En el catafalco, al pie del altar, don Carlos yacía inmóvil en su vistoso uniforme de capitán general, con la banda de la Orden del Mérito cruzada sobre el pecho. Mucho había querido a su Paraguay preservándolo de complicaciones internacionales. No obstante su hábito guerrero, había sido hombre de paz: abogado y profesor de filosofía en el Seminario, hasta que los acontecimientos lo llevaron al sillón del Supremo. Había sido hombre de paz y sin embargo amaba las cosas de la guerra: los ejércitos adiestrados, los armamentos, las fortificaciones, los navios blindados. Formó el mejor ejército de América del Sud con 18 000 hombres sobre las armas y una reserva de 40 000 ; impulsó la fundición de Ibicuy, dirigida por el inglés Whitehead contratado en 1855, que fabricaba cañones y armas largas; la joven oficialidad seguía en Europa cursos de adiestramiento especializados. Había elegido para sus hijos la carrera de las armas: Francisco Solano era brigadier general, Venancio velaba por el orden desde el Comando de la Plaza y Angel Benigno estudiaba en la Academia Naval de Río de Janeiro.

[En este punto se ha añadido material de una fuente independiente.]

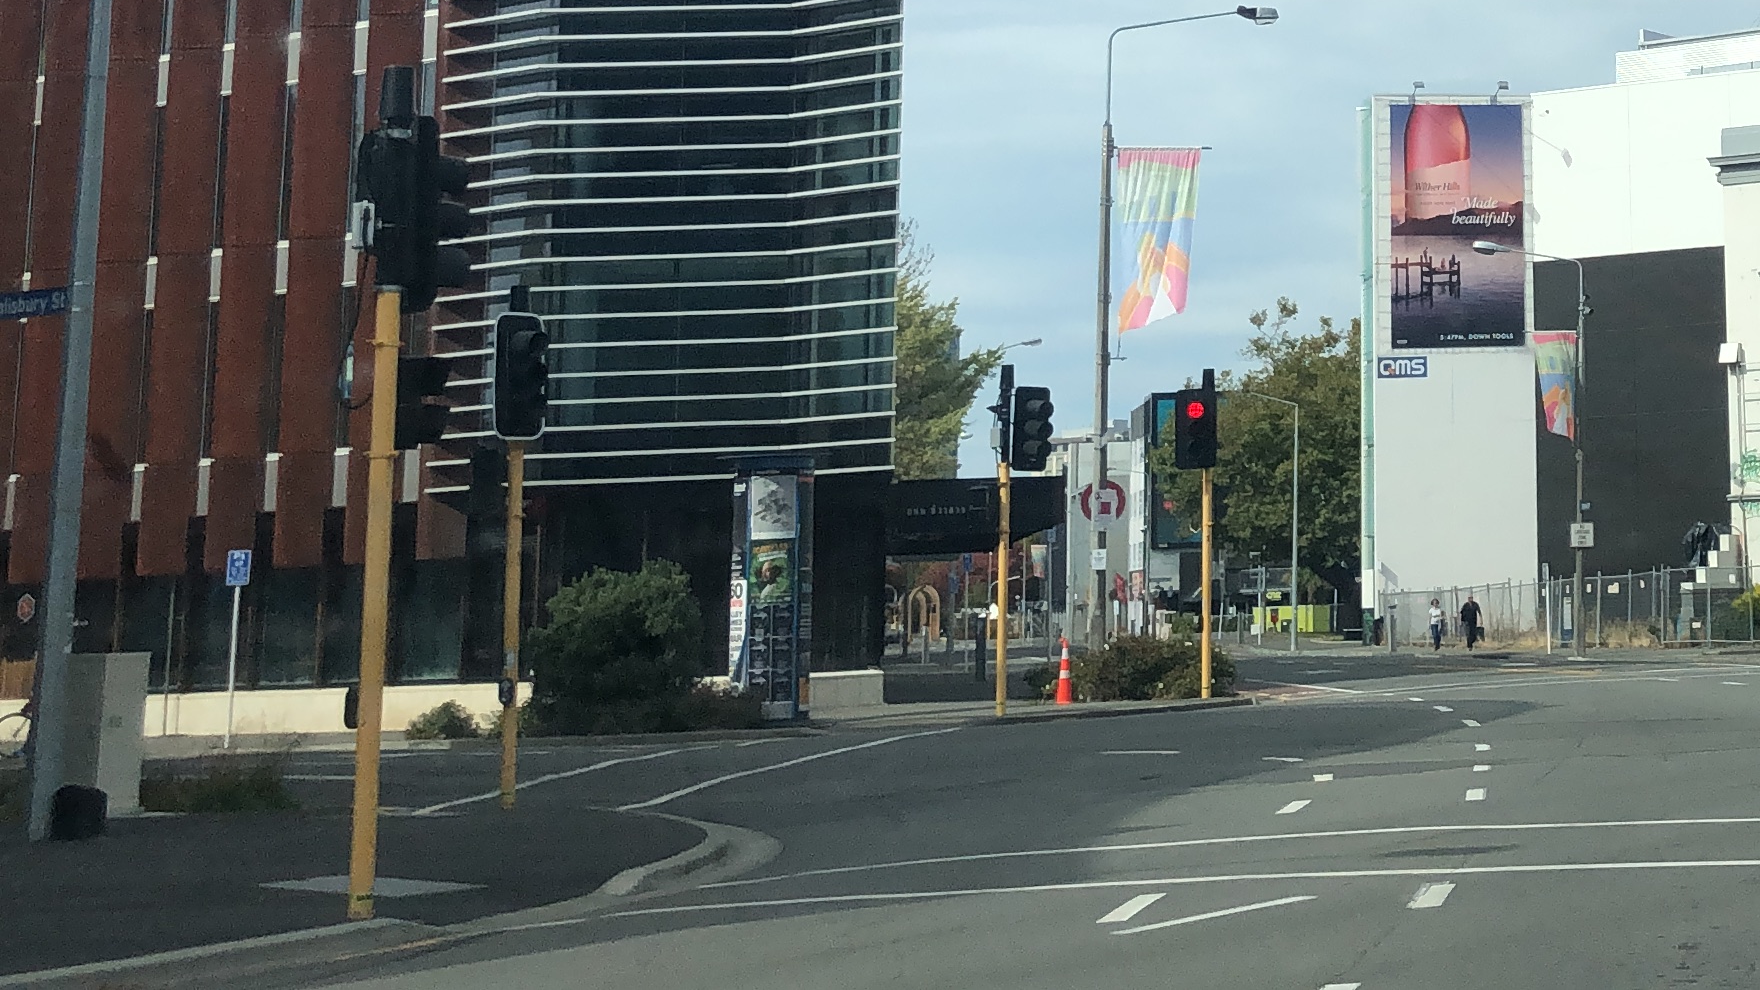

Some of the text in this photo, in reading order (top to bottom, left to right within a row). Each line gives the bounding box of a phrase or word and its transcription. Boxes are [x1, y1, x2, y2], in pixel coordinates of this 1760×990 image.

[1461, 197, 1498, 209] Made
[1450, 208, 1516, 227] beautifully
[51, 291, 66, 309] St
[1380, 358, 1425, 376] QMS

Sin embargo don Carlos rehuyó las batallas. Preparó al Paraguay para hacerlas y enseñó a sus hijos a conducirlas, pero personalmente rechazaba la efusión de sangre. Era hombre de letras y no de espada, pese a su uniforme. Esa misma noche, antes de fallecer, había aconsejado a Francisco Solano que emplease sólo la pluma para resolver las querellas pendientes con Brasil.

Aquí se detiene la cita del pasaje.